> _Work instruction_:
Only the text of the records, copied exactly, is wanted; no pictures.

> _Record set_:

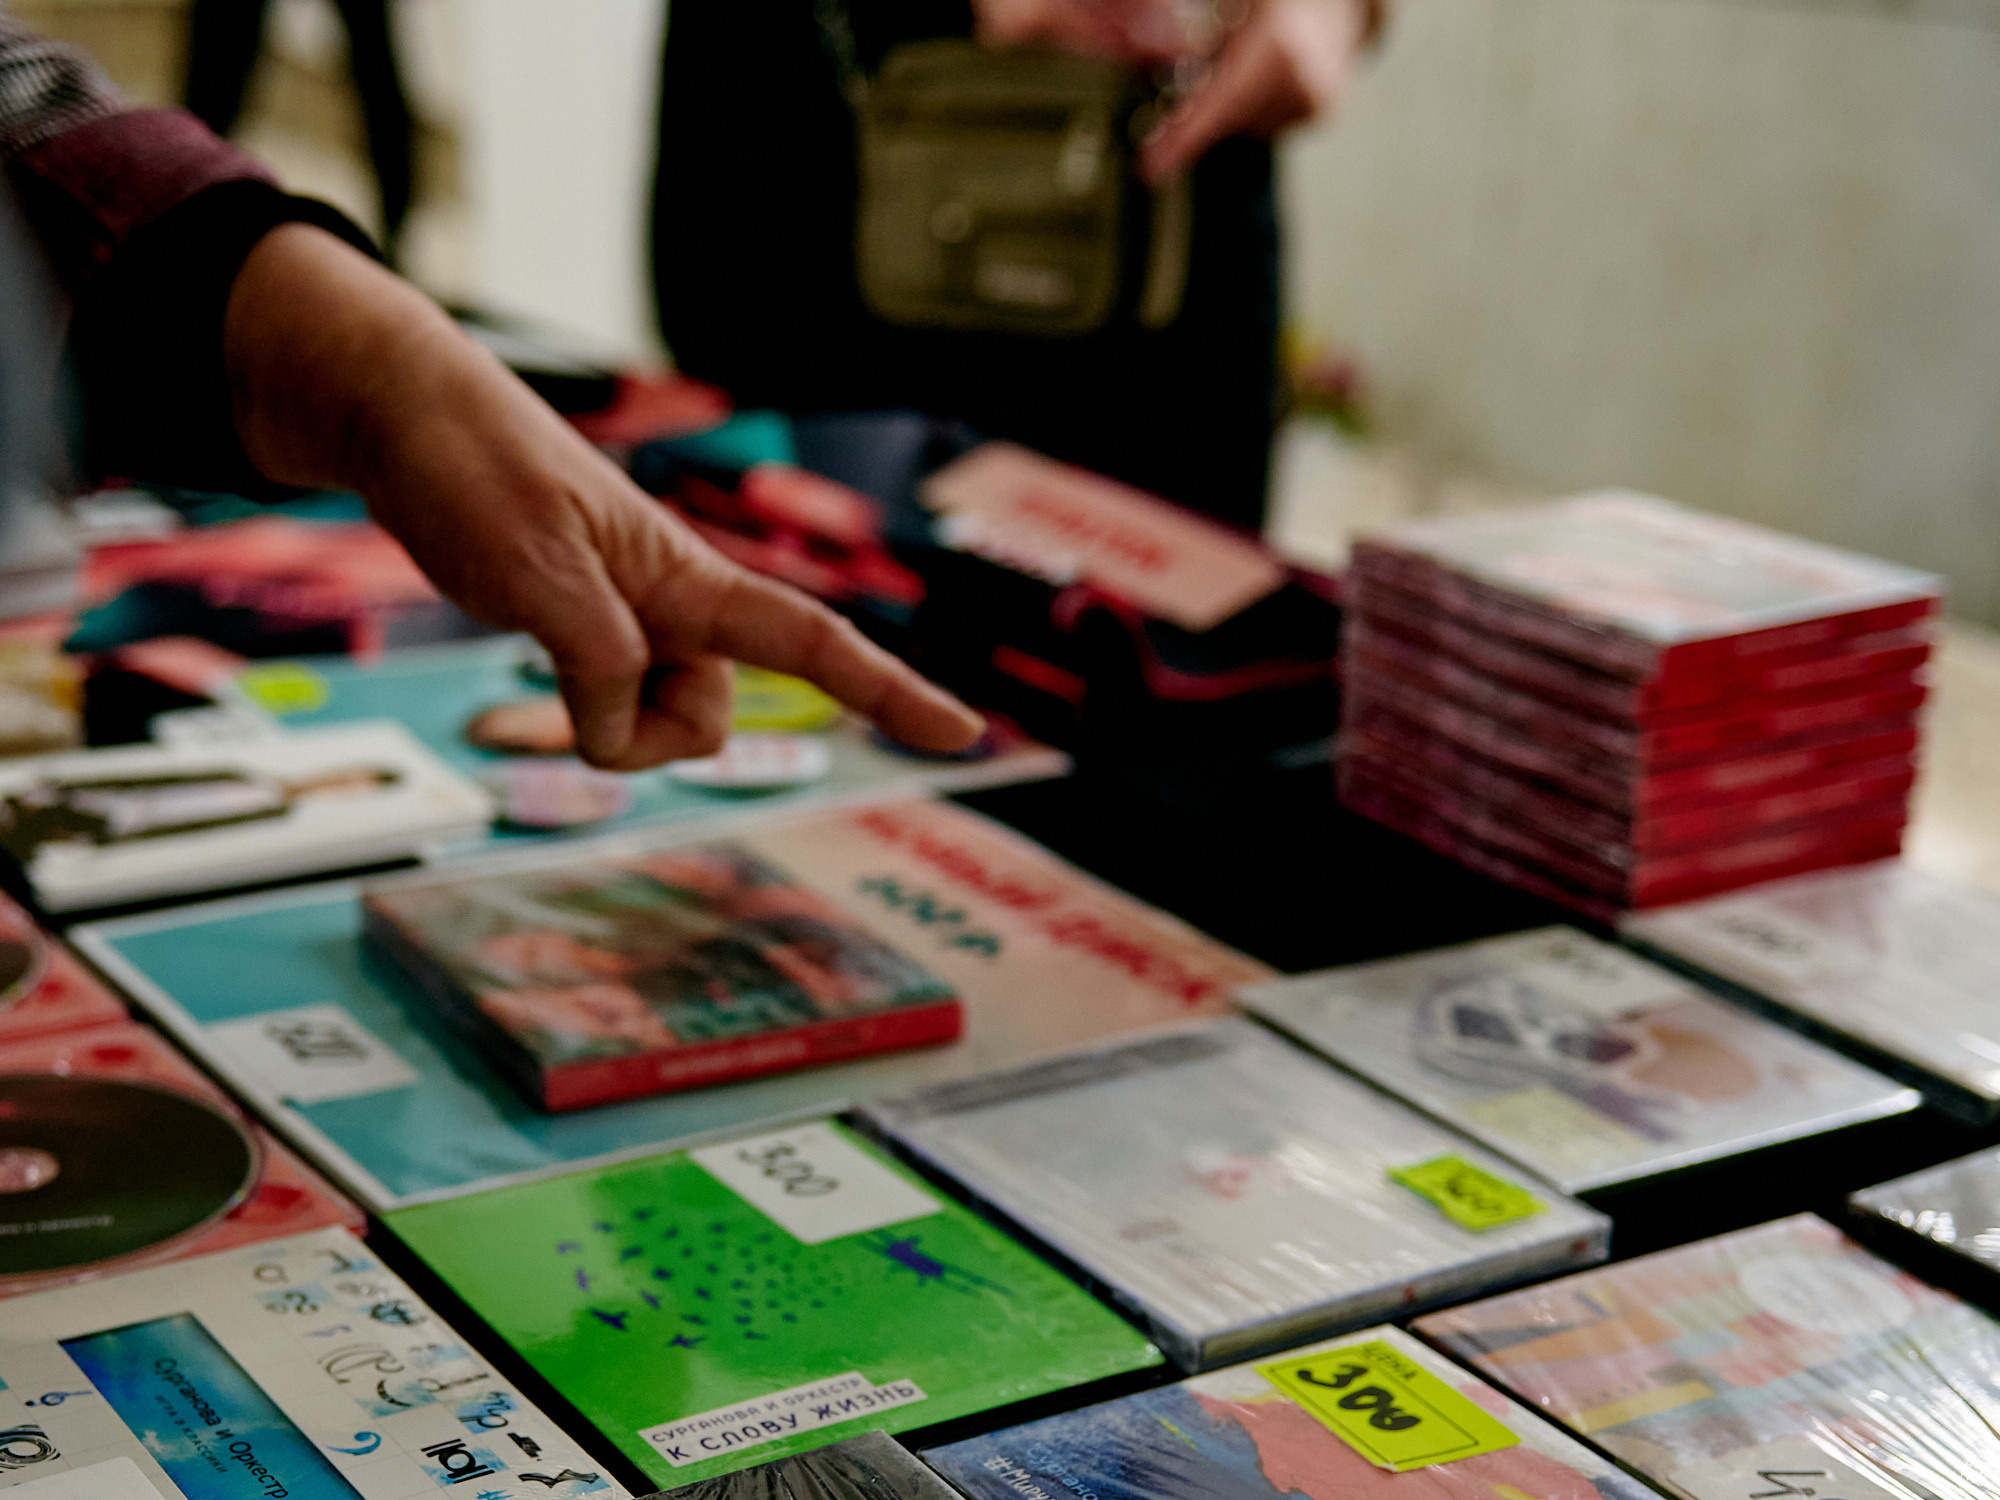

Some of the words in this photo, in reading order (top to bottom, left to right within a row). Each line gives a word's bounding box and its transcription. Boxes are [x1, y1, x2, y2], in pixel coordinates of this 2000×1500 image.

[737, 1142, 840, 1198] 300
[651, 1406, 762, 1443] СУРГАНОВА
[766, 1401, 779, 1412] И
[782, 1378, 861, 1407] ОРКЕСТР
[666, 1445, 690, 1461] К
[699, 1413, 799, 1451] СЛОВУ
[810, 1384, 916, 1422] ЖИЗНЬ
[215, 1428, 234, 1441] и
[228, 1440, 289, 1499] Оркестр
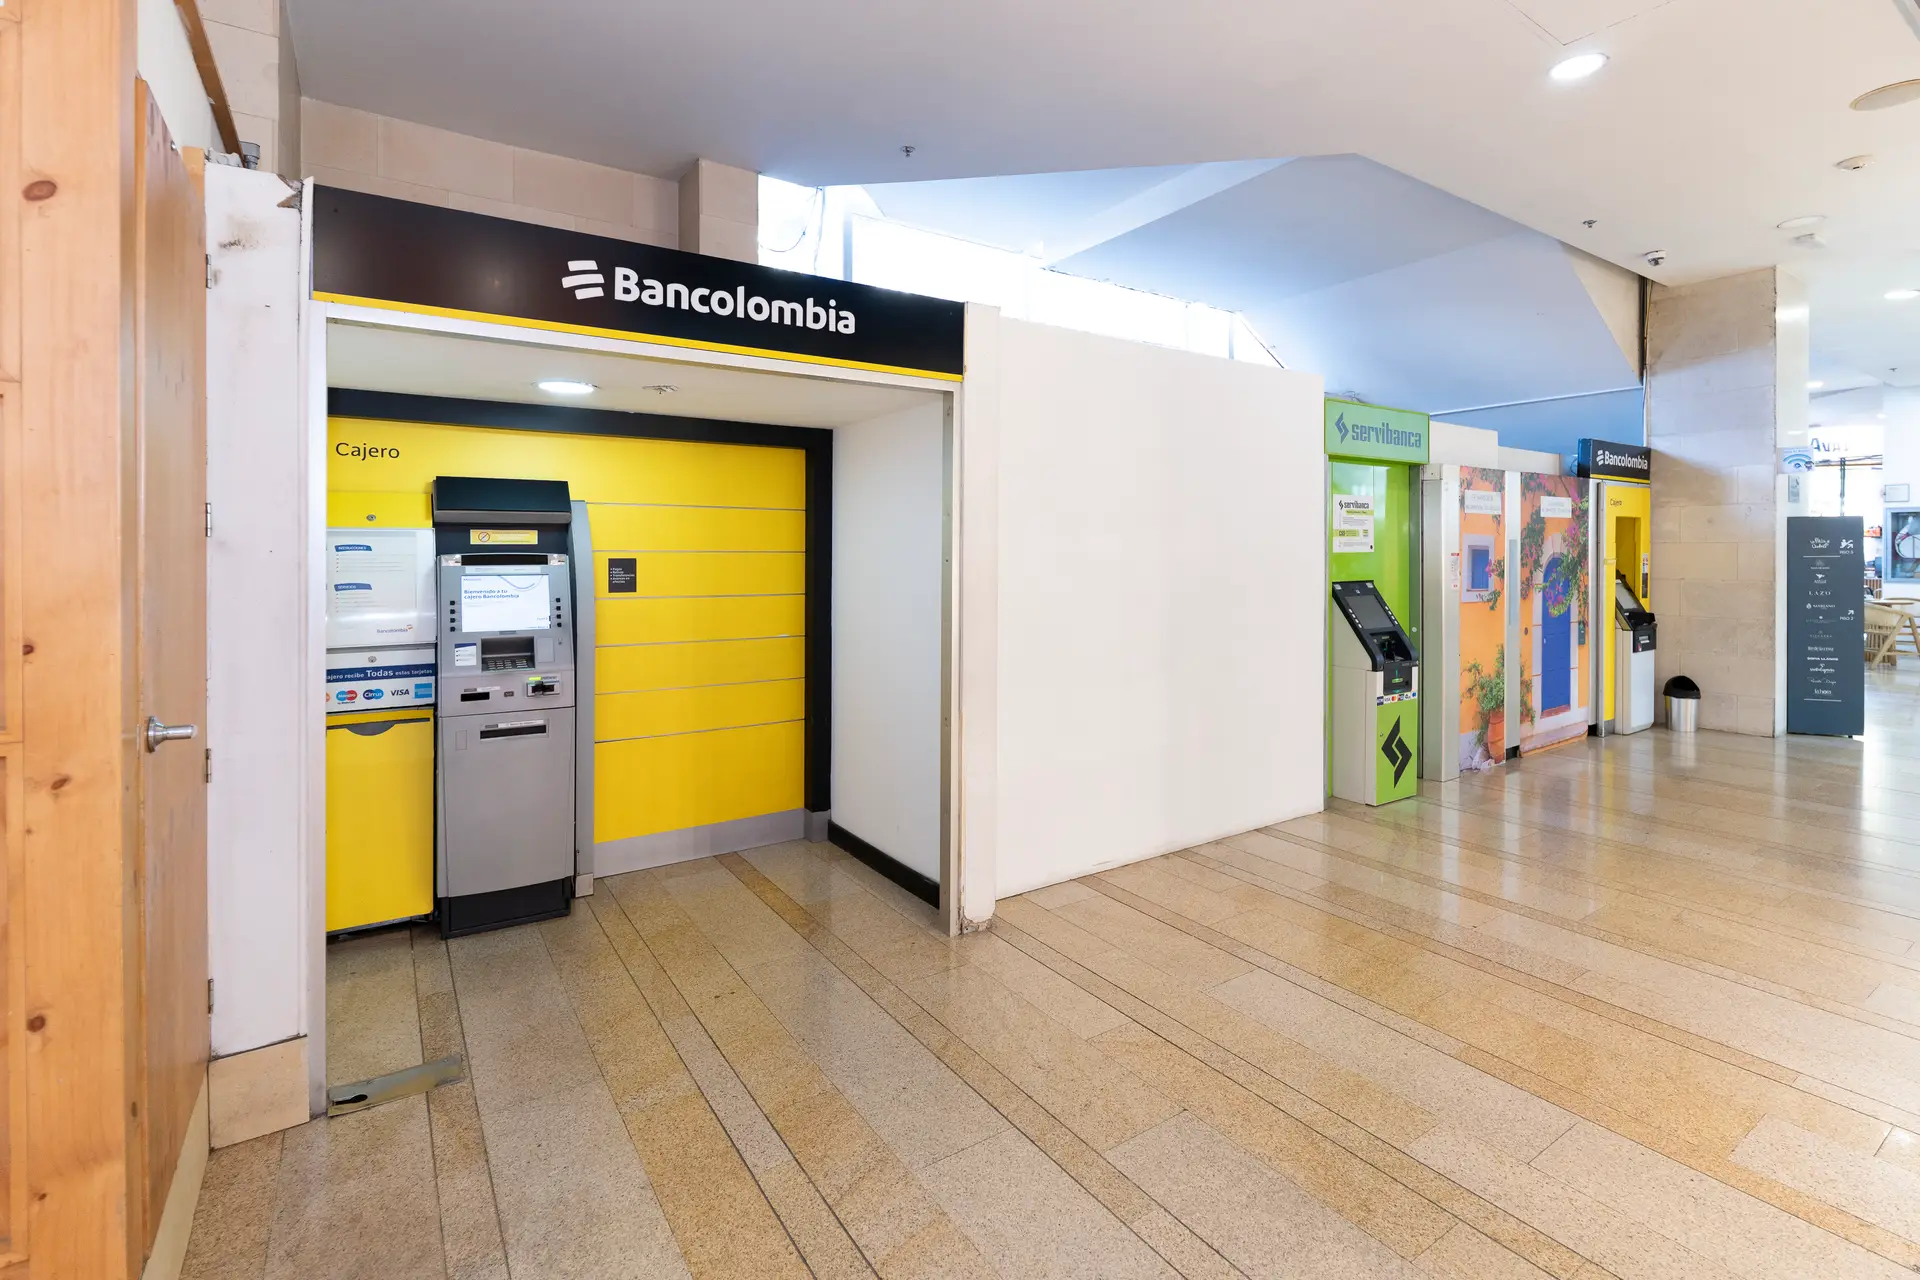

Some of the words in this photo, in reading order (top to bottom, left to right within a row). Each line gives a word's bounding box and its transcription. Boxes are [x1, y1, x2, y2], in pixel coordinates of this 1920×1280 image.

[614, 266, 856, 335] Bancolombia
[1351, 422, 1422, 448] servibanca
[335, 442, 400, 461] Cajero
[1604, 451, 1648, 470] Bancolombia
[1343, 501, 1370, 509] servibanca
[366, 669, 393, 677] Todas
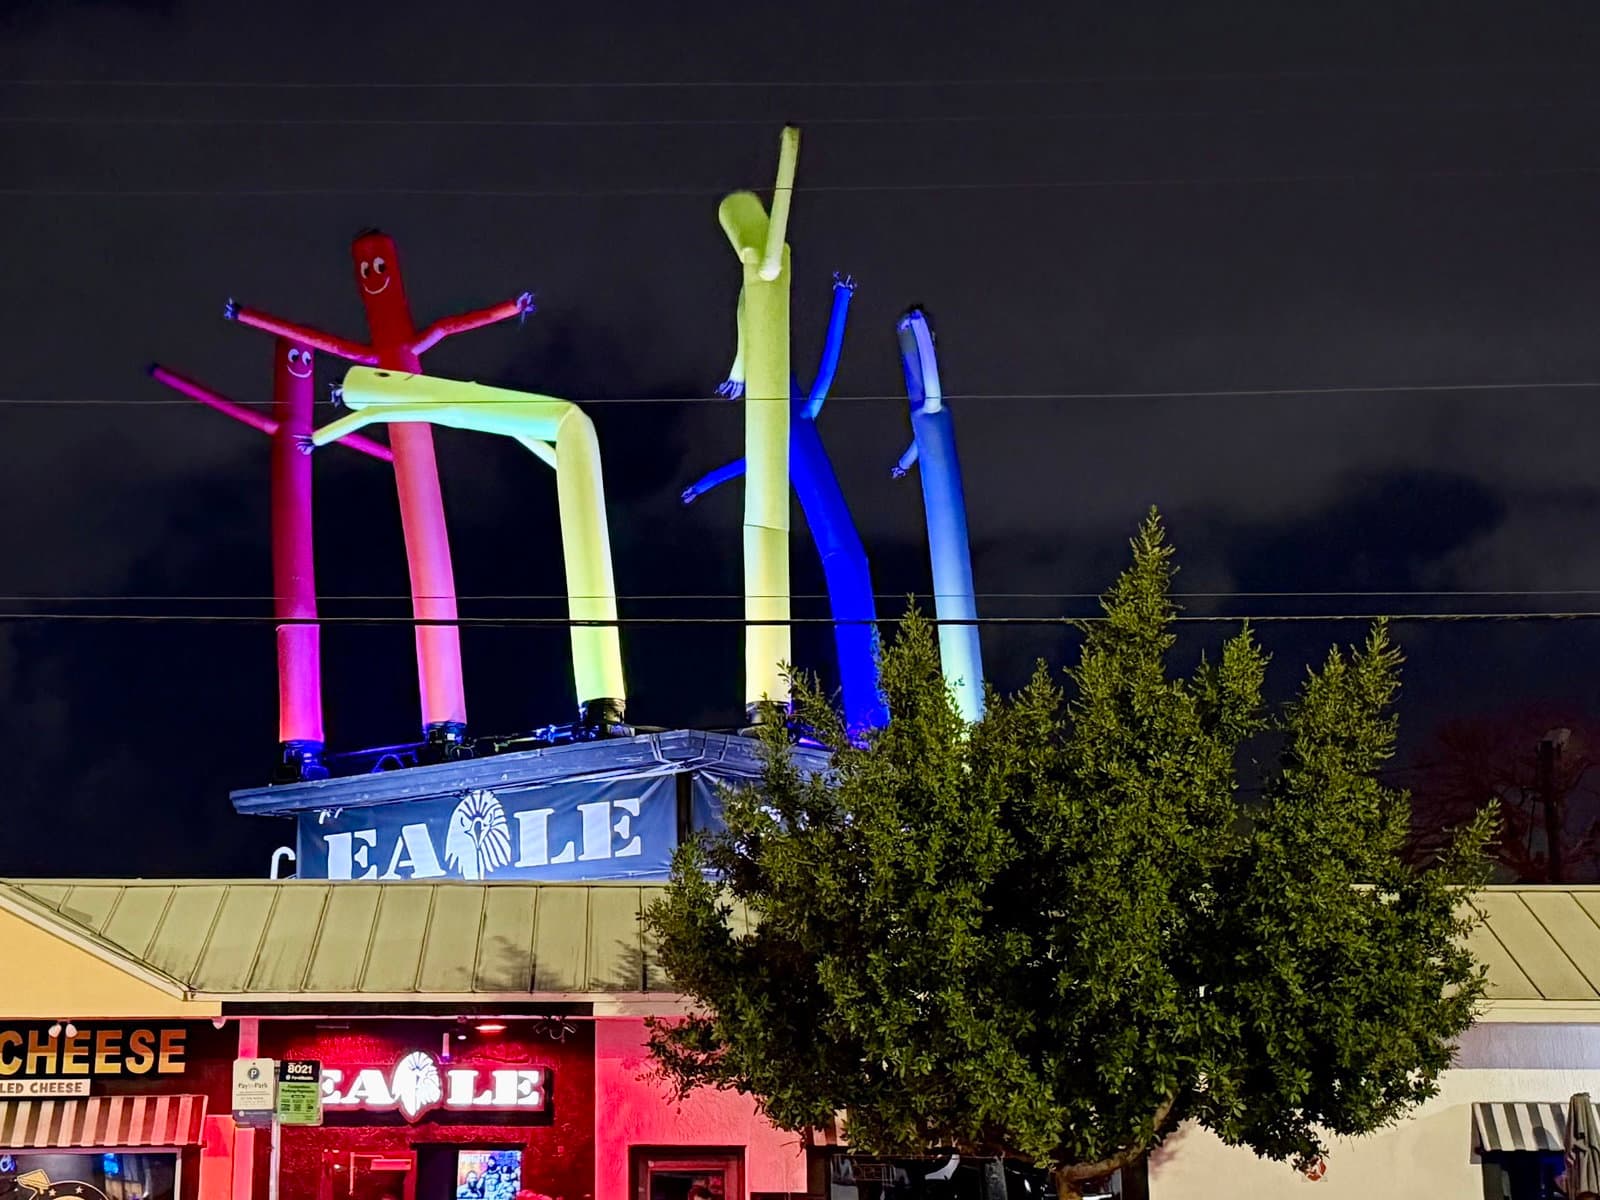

> _Exercise result_:
Some of the words in this photo, in reading order (top to bottom, left to right within a row). Each line gives a word's bounding box and its transcription. Boxes are [x1, y1, x2, y2], in pixel coordinates of this 2000×1500 image.

[737, 1142, 840, 1198] 300
[651, 1406, 762, 1443] СУРГАНОВА
[766, 1401, 779, 1412] И
[782, 1378, 861, 1407] ОРКЕСТР
[666, 1445, 690, 1461] К
[699, 1413, 799, 1451] СЛОВУ
[810, 1384, 916, 1422] ЖИЗНЬ
[215, 1428, 234, 1441] и
[228, 1440, 289, 1499] Оркестр

Some of the words in this photo, in reading order (top to bottom, left to right within a row). Each line gives a word's bounding box and its transcription. Boxes are [x1, y1, x2, y2], in pixel coordinates of this 1920×1280 image.

[614, 266, 856, 335] Bancolombia
[1351, 422, 1422, 448] servibanca
[335, 442, 400, 461] Cajero
[1604, 451, 1648, 470] Bancolombia
[1343, 501, 1370, 509] servibanca
[366, 669, 393, 677] Todas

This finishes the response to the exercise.